Preventing Computer Vision Syndrome
Inasmuch as it’s possible to treat Computer Vision Syndrome, your best line of defense against the condition is still prevention. Just incorporate these little changes and you’re sure to keep Digital Eye Strain at bay:
The 20-20-20 Rule
Take a 20-second break every 20 minutes and look at something 20 feet away. Looking far away is recommended because it relaxes muscles inside the eye responsible for focusing, reducing overall fatigue for the eye. If you are unable to take breaks every 20 minutes, you can practice frequent blinking instead. It won’t have the same effect as the 20-20-20 rule but it will keep the front of your eyes moist, helping you ease discomfort and keeping dry eye at bay.
Proper Computer Use
A great deal of preventing Computer Vision Syndrome actually involves computers and how they are used, including monitor location, lighting conditions and seating position.Ideally, you should:
- Have computer screens sitting about four inches below the eye level, as measured from the screen’s center and 20 to 28 inches from the eyes.

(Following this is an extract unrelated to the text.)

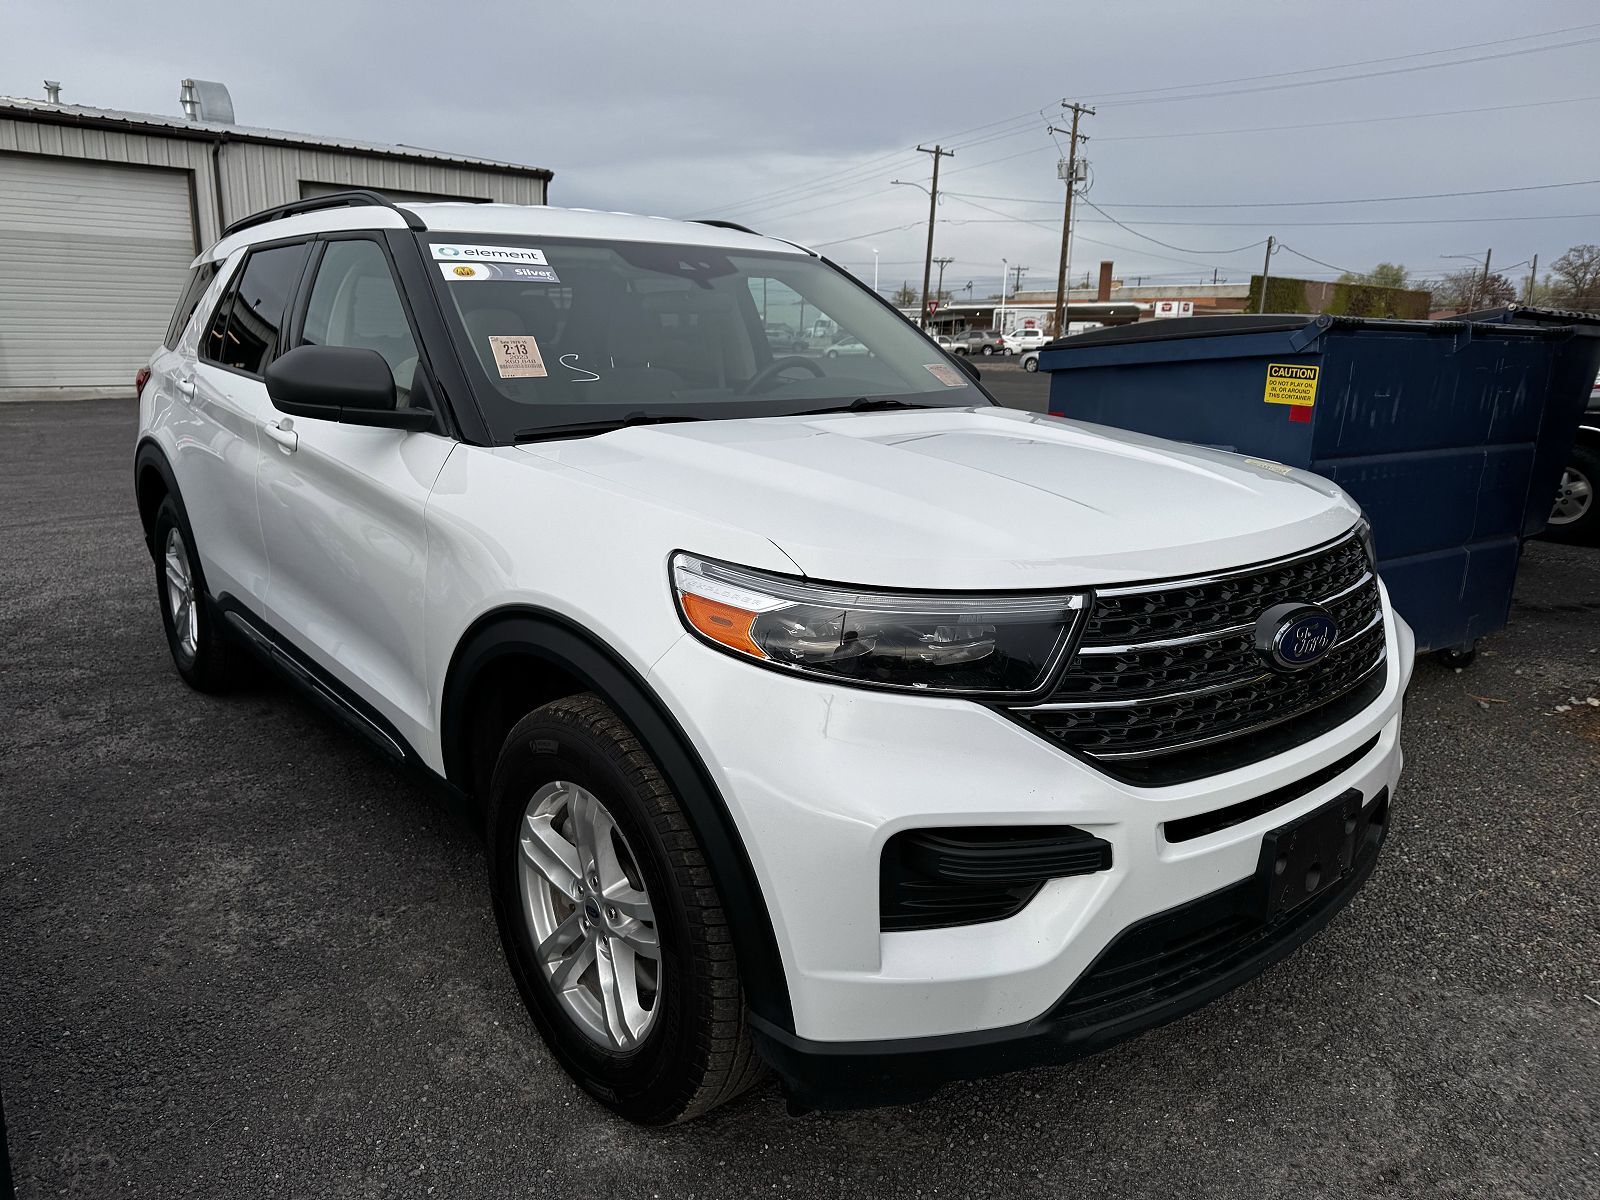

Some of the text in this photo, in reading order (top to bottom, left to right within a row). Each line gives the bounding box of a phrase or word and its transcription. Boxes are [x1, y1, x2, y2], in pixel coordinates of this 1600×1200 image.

- Have reference material located below the monitor but above the keyboard or use a document holder beside the monitor to keep you from moving your head when going from document to screen and back.
- Have computer screens positioned to avoid glare from overhead lighting or windows.
- Have display settings set to reduce eye strain and fatigue, such as adjusting screen brightness to have it approximately the same as your surrounding area and adjusting text contrast and size for comfort. Typically, black texts on white backgrounds are best, but high-contrast, dark-on-light combinations also work well.
- Have comfortably padded chairs that conform to your body at heights where your feet are resting flat on the floor.
Regular Eye Exams
Coming in for routine eye checks is the most important thing you can do to prevent Computer Vision Syndrome. If you haven’t had an eye exam in more than a year, you should contact your eye doctor right away to schedule an eye exam. According to the National Institute of Occupational Safety and Health, you should be getting an eye exam before you begin working on a computer and once every year thereafter.During an eye exam, make sure you tell your eye doctor how often you use computers for both work and leisure and the kind of conditions you use computers and other screen devices in to give them a clear picture of what could be affecting your vision.
Better Eye Care for Better Quality of Life
Don’t let Computer Vision Syndrome get in the way! Given your eyesight greatly affects your well-being, it only makes sense then to invest in properly caring for it. You surely won’t lack choices, but make sure you only go to trusted eye care specialists in your community. Whether you need help dealing with an eye condition or simply need assistance with general care, you can’t go wrong with turning to the right experts for assistance.